■ Exercise details
Would you transcribe the whole listing exactly and drop its images?

■ Input for this task
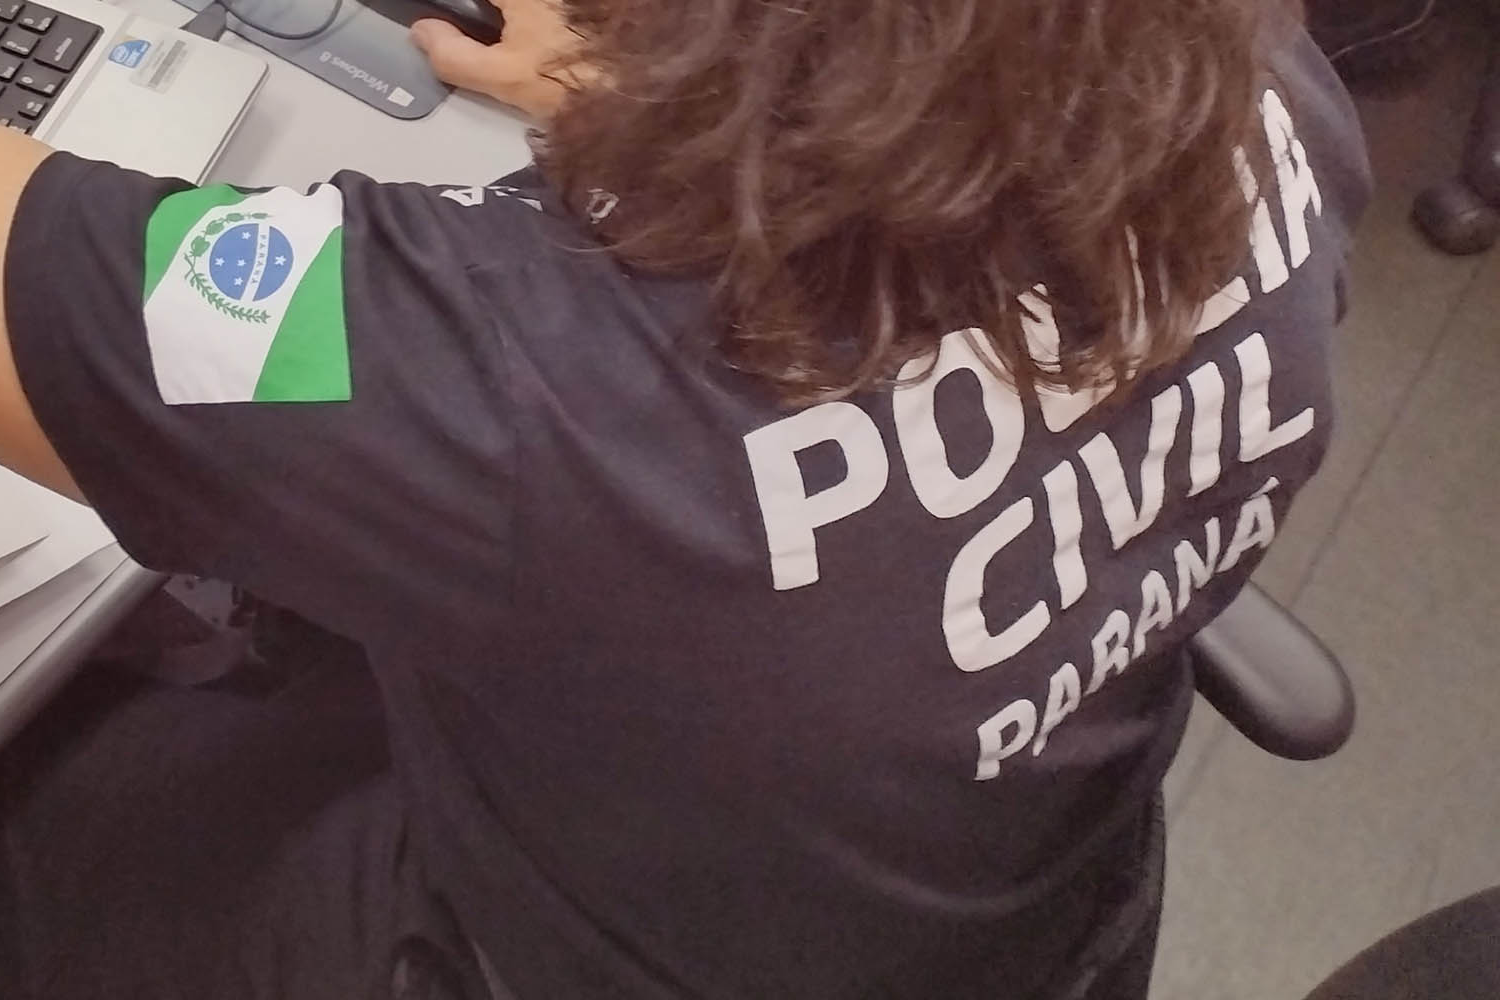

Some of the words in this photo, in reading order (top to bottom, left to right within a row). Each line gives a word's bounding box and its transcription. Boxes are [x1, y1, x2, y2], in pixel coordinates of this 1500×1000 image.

[330, 56, 389, 94] Windows
[743, 88, 1322, 590] POLIA
[942, 332, 1315, 673] CIVIL
[974, 476, 1280, 781] PARANÁ

■ Answer section
Some of the words in this photo, in reading order (top to bottom, left to right within a row). Each line gives a word's bounding box and its transcription. Boxes are [x1, y1, x2, y2], in pixel coordinates of this 1500×1000 image.

[330, 56, 389, 94] Windows
[743, 88, 1322, 590] POLIA
[942, 332, 1315, 673] CIVIL
[974, 476, 1280, 781] PARANÁ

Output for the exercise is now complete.